Well, sit down and learn something, young grasshopper. Congee is sometimes referred to as porridge, which is just confusing—particularly for Brits—because Asian congee bears no resemblance whatsoever to Western porridge, which is grains cooked in milk. Congee is essentially rice cooked in water, to the point of where it melts into a starchy gruel. Words really don’t do the dish justice. Popular throughout Asian countries, it can be eaten plain and served with side dishes, or boiled with combinations of meat, seafood, and vegetables for different flavours and health benefits.

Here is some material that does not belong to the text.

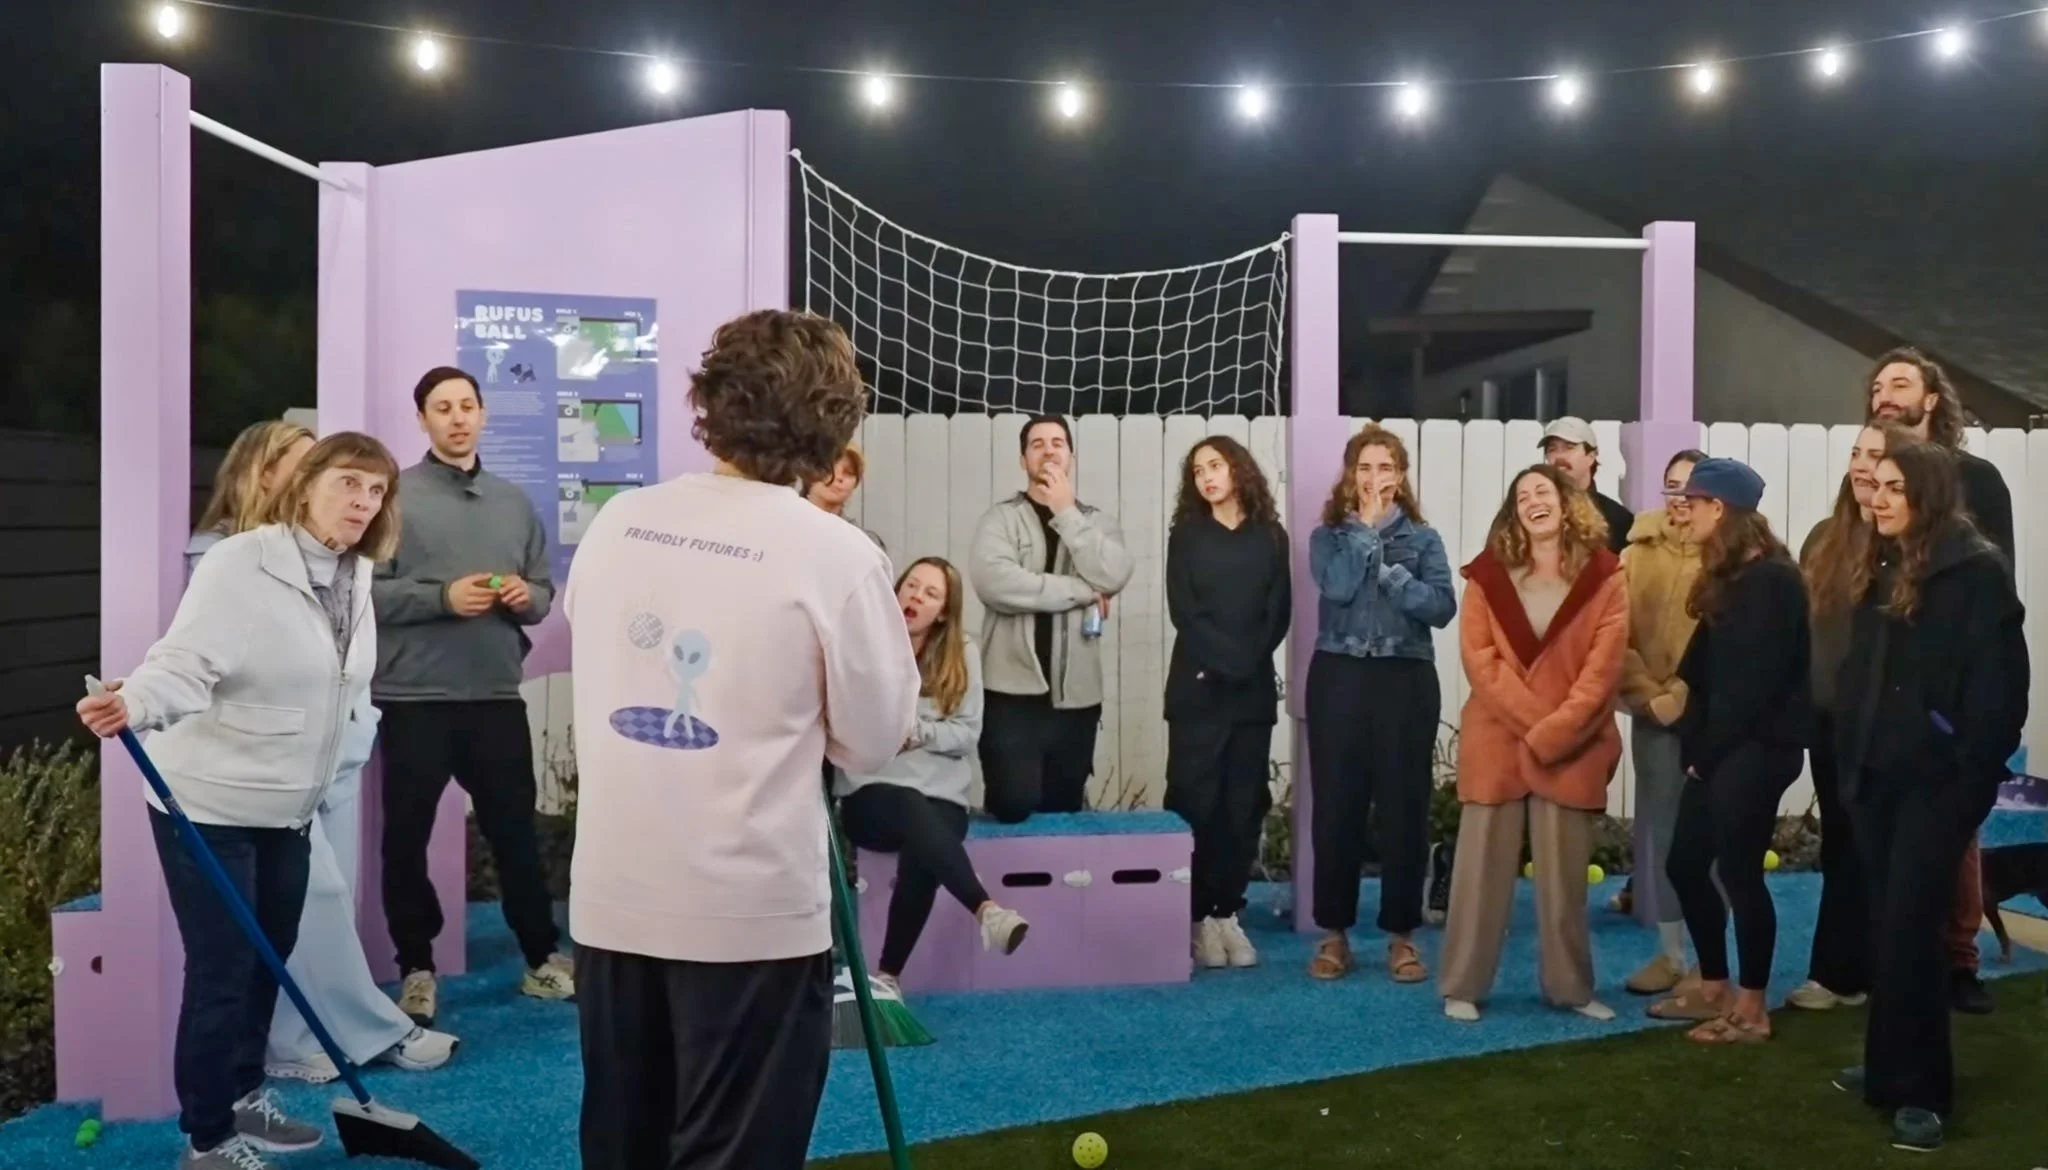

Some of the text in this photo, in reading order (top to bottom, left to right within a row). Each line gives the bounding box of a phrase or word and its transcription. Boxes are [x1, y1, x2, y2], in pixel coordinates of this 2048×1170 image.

[474, 305, 544, 322] RUFUS
[474, 323, 527, 340] BALL
[624, 527, 688, 547] FRIENDLY
[689, 538, 751, 559] FUTURES

Because it’s so simple to make, mild in taste, and easy to digest, congee is typically cooked for people who are ill and in need of simple nourishment. As with any plain food base, it can also be jazzed up quite a lot, depending on the kinds of ingredients you chuck in. This dish plays such a prevalent part in Asian cuisine that the majority of rice cookers sold here already come with a pre-set function for cooking congee. This is the OG healthy grain bowl, people!
Hong Kong-style congee
Congee done the traditional Hong Kong way is typically thicker, because the rice grains are cooked until practically disintegrated. Locals also enjoy eating it as a breakfast food, served with yau za gwai (fried dough sticks). Here are some of the best congee restaurants around.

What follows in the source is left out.